RECHTBANK ALMELO
Sector bestuursrecht
Registratienummer: 08 / 170 BESLU BI1 A
uitspraak van de enkelvoudige kamer
[eiseres],
wonende te [woonplaats], eiseres,
gemachtigde: C. Offereins.
Argonaut Advies B.V.
gevestigd te Utrecht, verweerder.
1. Aanduiding bestreden besluit
Besluit van verweerder d.d. 3 januari 2008.
Bij besluit van 28 september 2007 heeft verweerder de aanvraag van eiseres voor een hoog persoonlijk kilometerbudget afgewezen.
Tegen dit besluit heeft eiseres bij brief van 25 oktober 2007 bezwaar gemaakt.
Bij besluit van 3 januari heeft verweerder het bezwaar van eiseres ongegrond verklaard.
Eiseres heeft tegen dit besluit bij brief van 5 februari 2008 beroep ingesteld.
Verweerder heeft op 21 maart 2008 een verweerschrift ingediend.
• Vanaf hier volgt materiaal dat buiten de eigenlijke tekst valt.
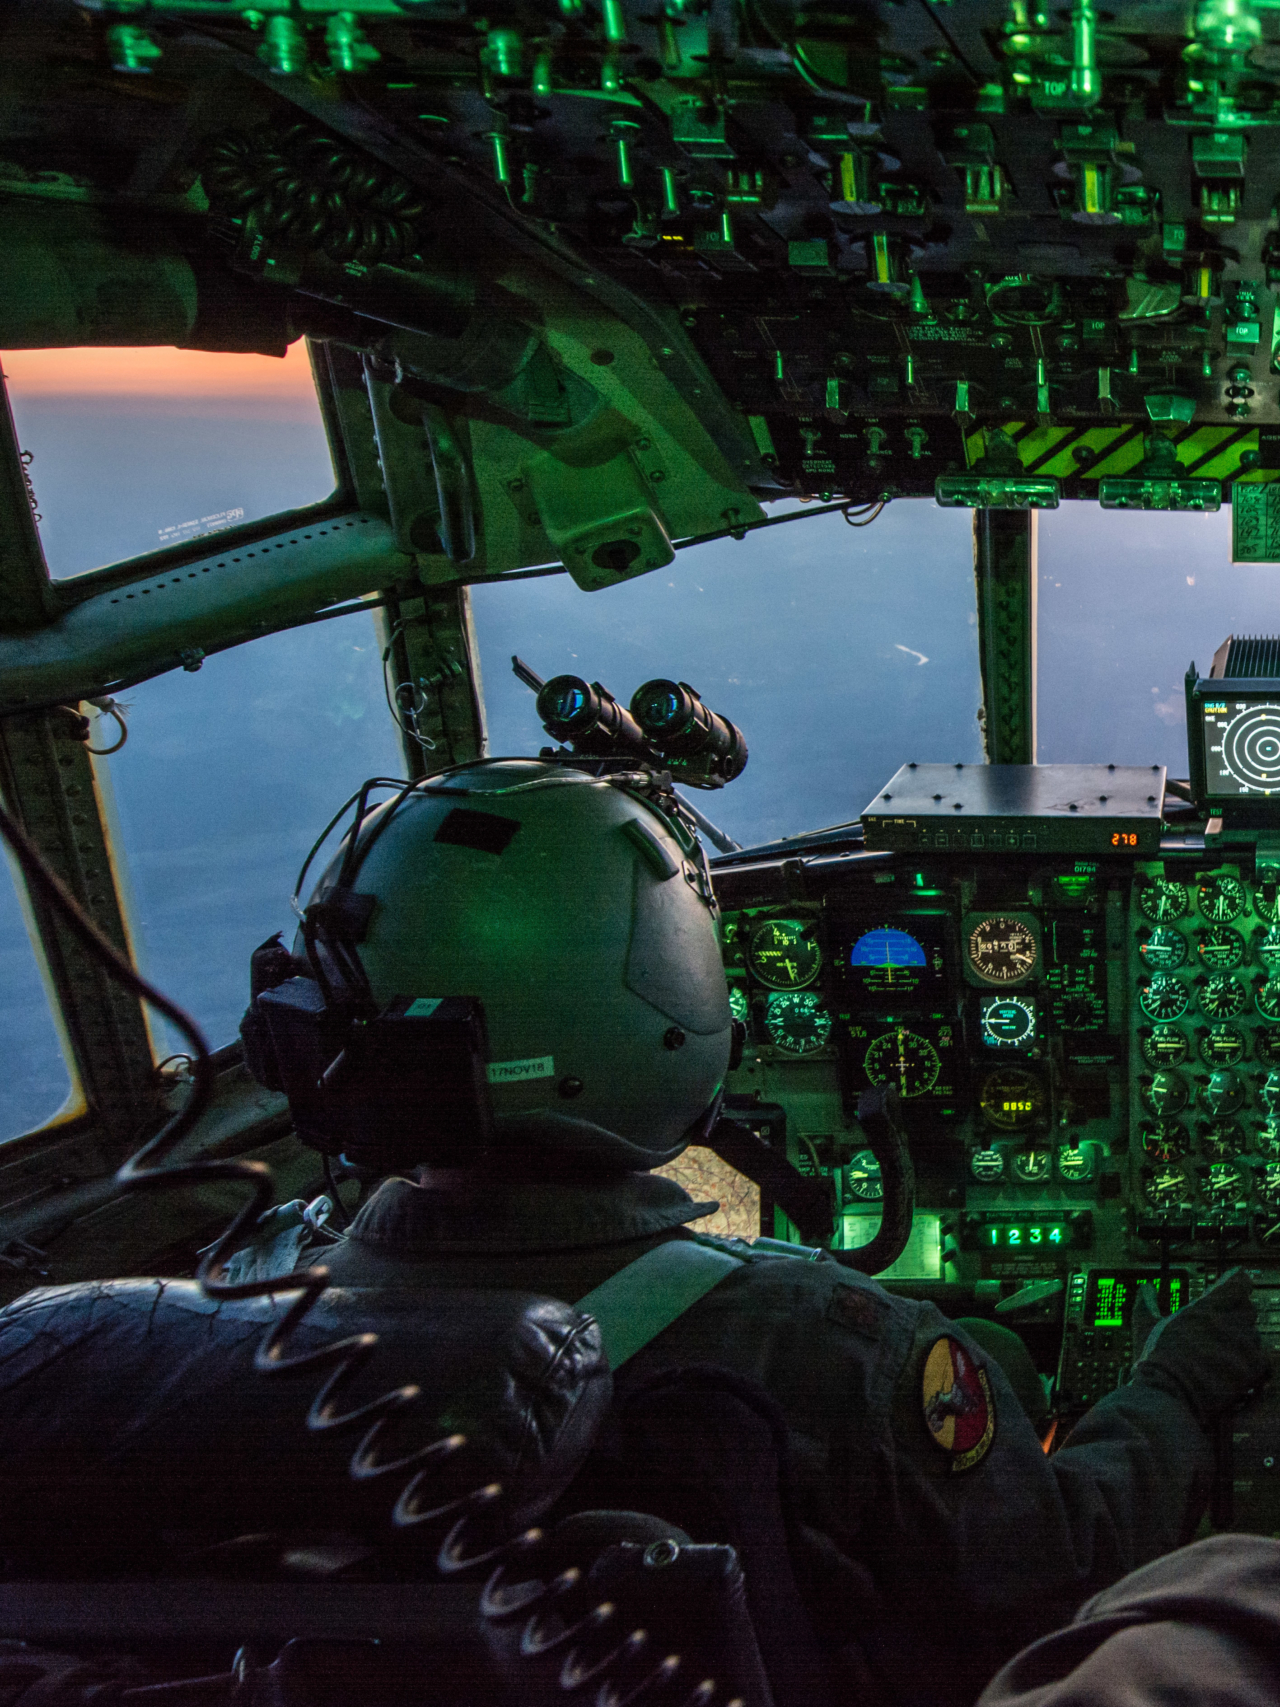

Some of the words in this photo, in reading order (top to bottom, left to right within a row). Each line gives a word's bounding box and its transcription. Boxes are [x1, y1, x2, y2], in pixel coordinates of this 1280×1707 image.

[1044, 81, 1066, 96] TOP
[1236, 326, 1249, 334] TOP
[1209, 808, 1223, 816] TEST
[1111, 832, 1137, 846] 278
[991, 1229, 997, 1245] 1
[1008, 1229, 1021, 1244] 2
[1029, 1228, 1042, 1243] 3
[1049, 1228, 1062, 1244] 4
Het beroep is behandeld ter openbare zitting van de rechtbank van 1 oktober 2008, waar eiseres met kennisgeving niet is verschenen, terwijl verweerder zich heeft doen vertegenwoordigen door mr. J.P. Matze, advocaat te ’s-Gravenhage en T. Schraven, werkzaam als arts bij Argonaut Advies B.V.
In geschil is de vraag of verweerder terecht de aanvraag van eiseres voor een hoog persoonlijk kilometerbudget heeft afgewezen, omdat eiseres in combinatie met Valys- en NS-ondersteuning medisch gezien in staat is te reizen per trein.
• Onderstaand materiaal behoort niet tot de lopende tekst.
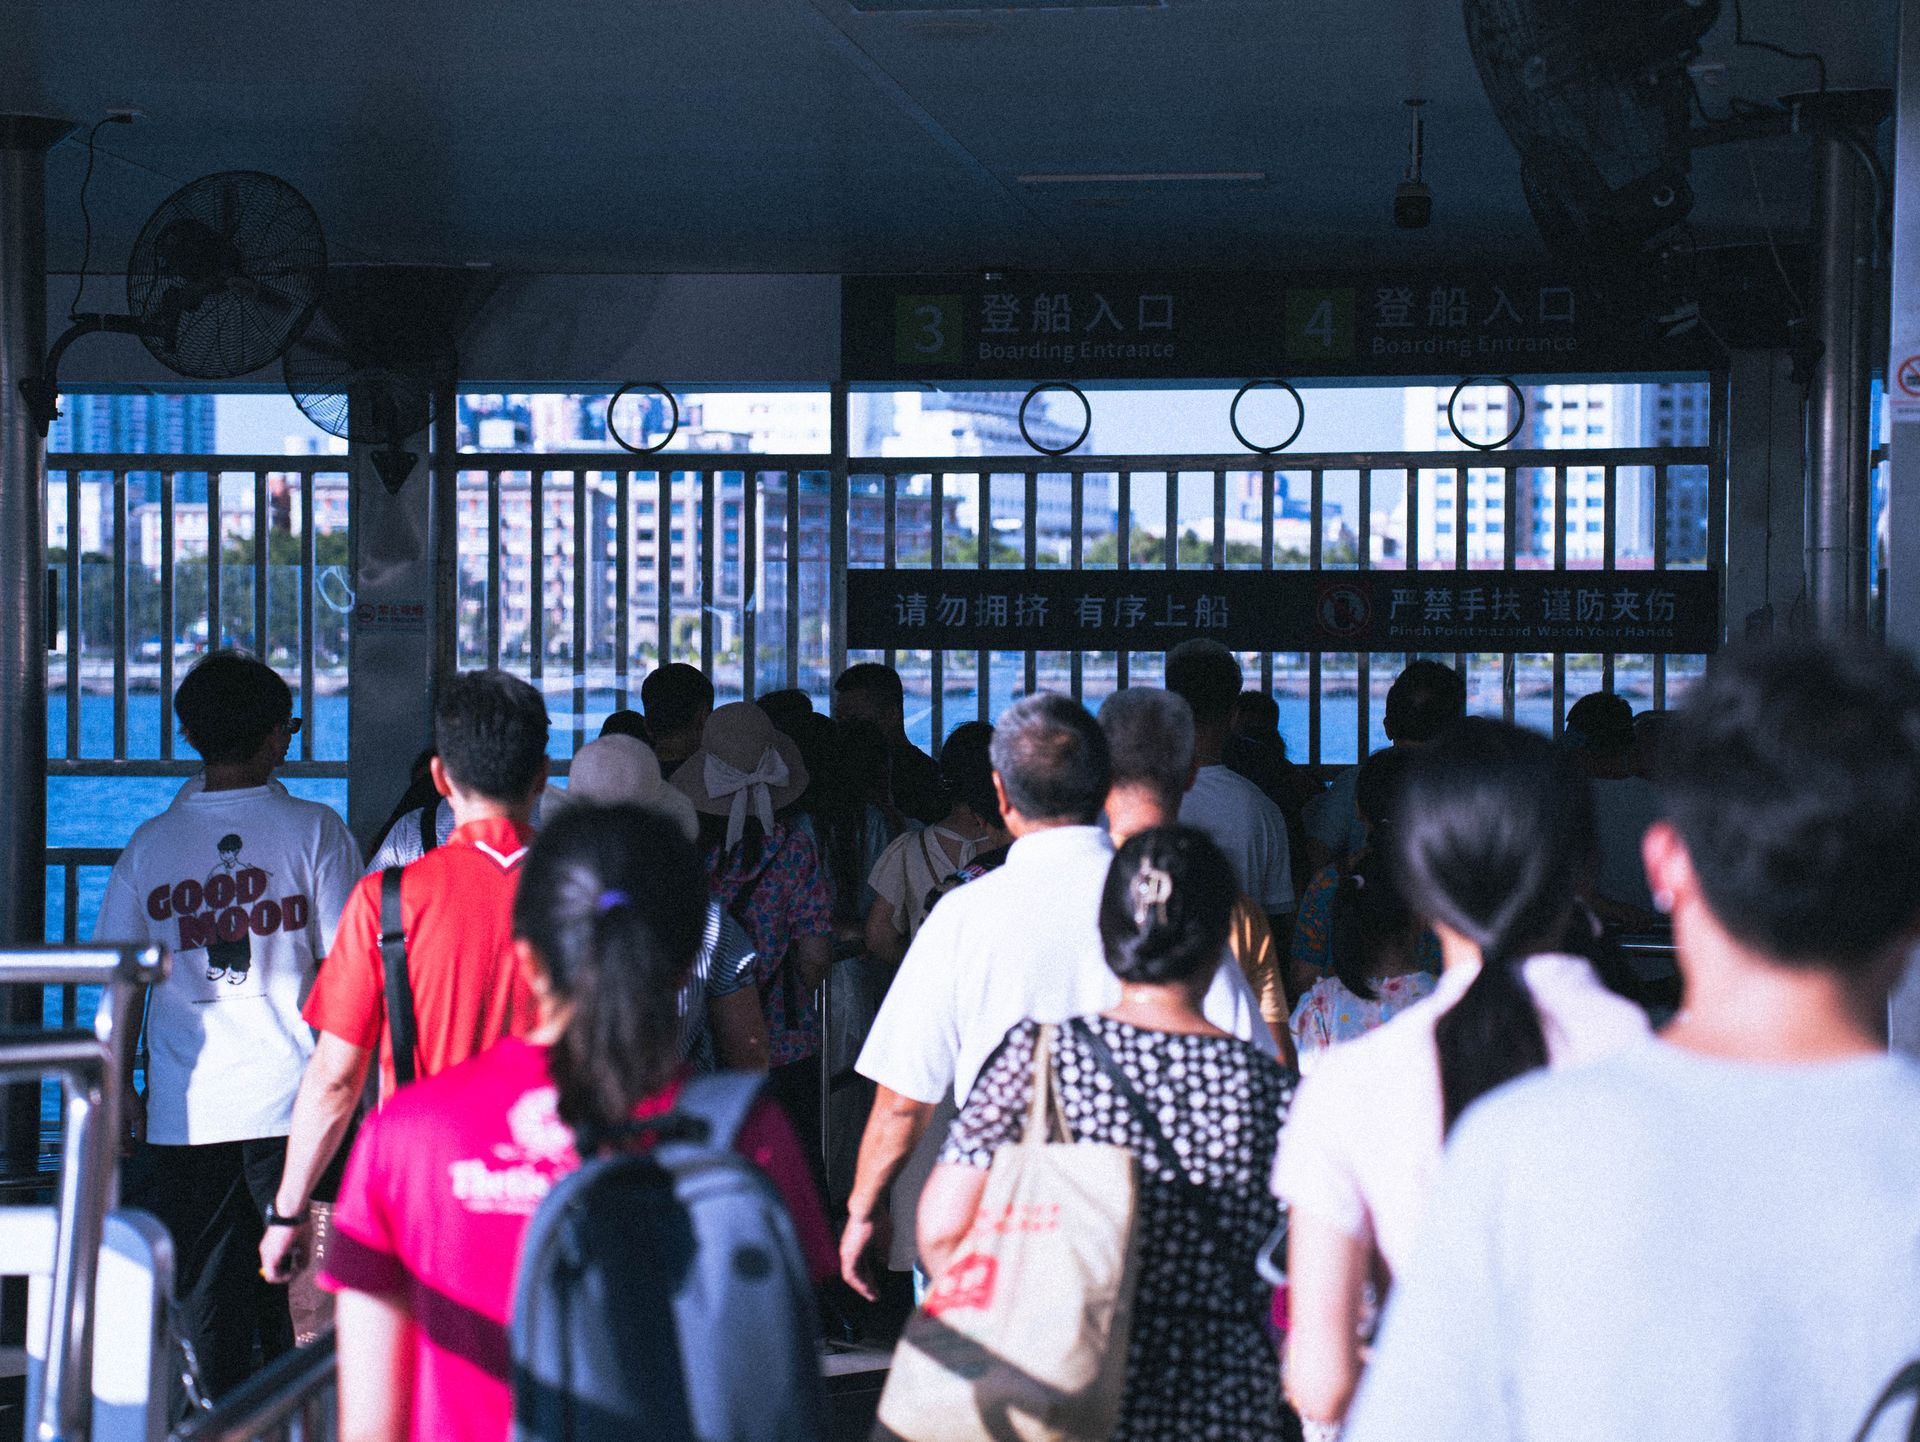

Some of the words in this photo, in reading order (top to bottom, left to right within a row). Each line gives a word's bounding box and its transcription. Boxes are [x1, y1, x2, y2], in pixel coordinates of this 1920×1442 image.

[913, 304, 945, 353] 3
[979, 293, 1175, 333] 登船入口
[1303, 299, 1335, 347] 4
[1374, 287, 1576, 328] 登船入口
[978, 342, 1075, 363] Boarding
[1080, 341, 1176, 358] Entrance
[1372, 337, 1472, 357] Boarding
[1478, 335, 1577, 353] Entrance
[894, 593, 1050, 628] 请勿拥挤
[1074, 593, 1230, 628] 有序上船
[1389, 588, 1521, 622] 严禁手扶
[1542, 587, 1676, 622] 谨防夹伤
[1389, 626, 1431, 637] Pinch
[1435, 626, 1474, 637] Point
[1537, 626, 1583, 637] Watch
[1625, 626, 1674, 637] Hands
[147, 868, 267, 921] GOOD
[178, 894, 309, 951] MOOD
Eiseres stelt zich op het standpunt dat zij wegens persoonsgebonden medische beperkingen van chronische aard vanuit een strikt medische optiek niet in staat is per trein te reizen. Eiseres stelt hiertoe dat zij als gevolg van osteoporose toenemende klachten ondervindt bij het lopen en het zitten. Daartoe heeft eiseres verklaringen van haar huisarts overgelegd die dat bevestigen.
Op gemeentebesturen rust ingevolge de Wet maatschappelijke ondersteuning (WMO) een zorgplicht voor vervoersvoorzieningen voor gehandicapten die daarop zijn aangewezen ten behoeve van het regionale vervoer.
Ten behoeve van het bovenregionale vervoer van gehandicapten heeft de Minister van Sociale Zaken en Werkgelegenheid met ingang van 1 juli 1999 een landelijke voorziening in het leven geroepen (TraXX).
Met ingang van 1 april 2004 is een nieuw vervoerssysteem (Valys) ingevoerd. Het Valys-vervoerssysteem houdt in dat aan een gehandicapte die op grond van de WMO of de Wet voorzieningen gehandicapten (Wvg) beschikt over een scootmobiel of een andere vervoersvoorziening dan wel een rolstoel of over een OV-begeleiderskaart, tegen betaling een zogeheten Valys-pas wordt verstrekt. De houder van een Valys-pas krijgt de beschikking over een standaard persoonlijk kilometerbudget. Voor gehandicapten die in het geheel niet in staat zijn gebruik te maken van de trein en die zelf geen alternatief voor taxivervoer hebben, is voorzien in een hoog persoonlijk kilometerbudget.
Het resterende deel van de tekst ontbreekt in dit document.